Pictures aside, quote the whole listing exactly.

*Records provided*:
----

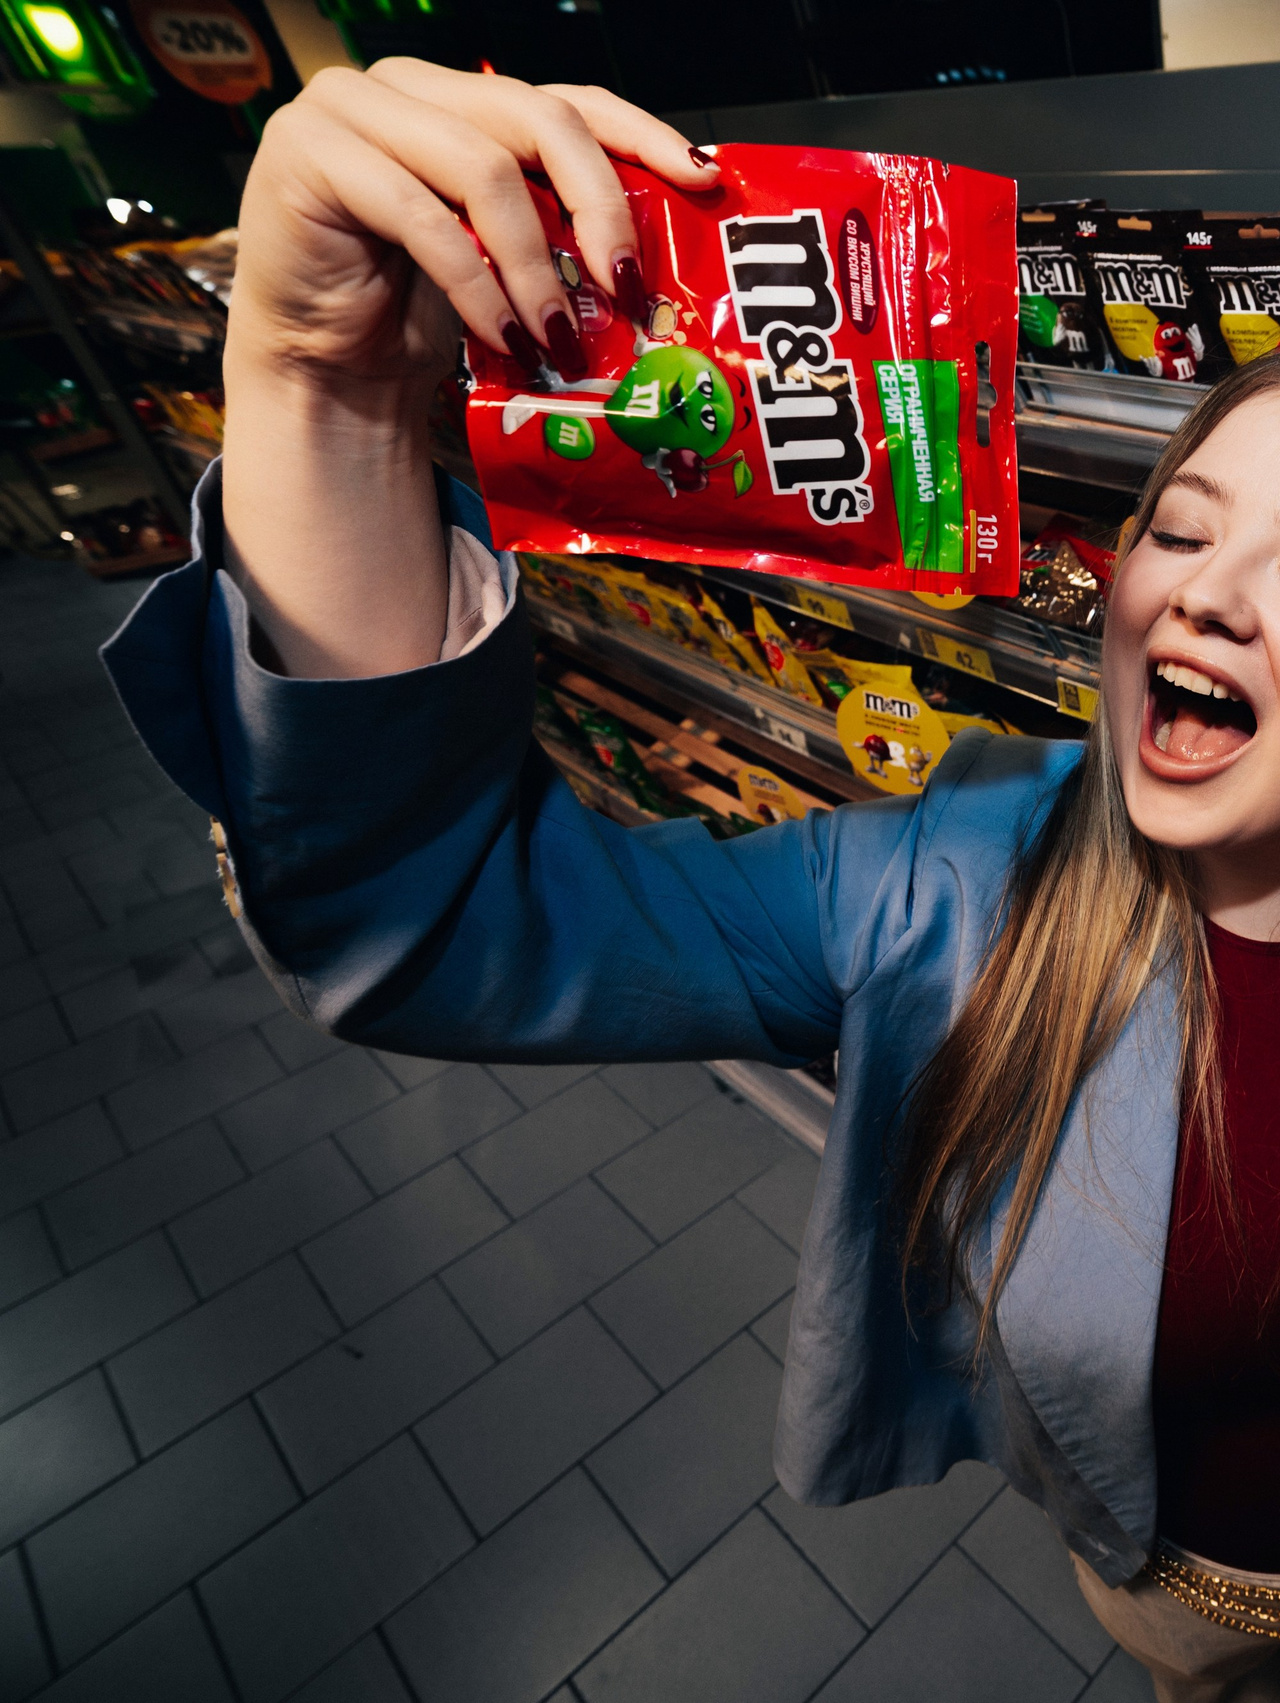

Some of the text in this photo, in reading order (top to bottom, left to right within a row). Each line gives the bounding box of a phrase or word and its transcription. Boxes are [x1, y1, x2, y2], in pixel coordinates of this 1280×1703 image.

[1186, 232, 1213, 246] 145г
[846, 219, 863, 321] СО ВКУСОМ ВИШНИ
[860, 240, 876, 306] ХРУСТЯЩИЙ
[577, 294, 598, 318] m
[719, 208, 874, 525] m&m's
[1172, 356, 1196, 381] m
[625, 380, 661, 418] m
[878, 364, 904, 424] СЕРИЯ
[559, 421, 580, 447] m
[899, 363, 935, 503] ОГРАНИЧЕННАЯ

----

*Written response*:
Some of the text in this photo, in reading order (top to bottom, left to right within a row). Each line gives the bounding box of a phrase or word and its transcription. Boxes are [x1, y1, x2, y2], in pixel coordinates of this 1280×1703 image.

[1186, 232, 1213, 246] 145г
[846, 219, 863, 321] СО ВКУСОМ ВИШНИ
[860, 240, 876, 306] ХРУСТЯЩИЙ
[577, 294, 598, 318] m
[719, 208, 874, 525] m&m's
[1172, 356, 1196, 381] m
[625, 380, 661, 418] m
[878, 364, 904, 424] СЕРИЯ
[559, 421, 580, 447] m
[899, 363, 935, 503] ОГРАНИЧЕННАЯ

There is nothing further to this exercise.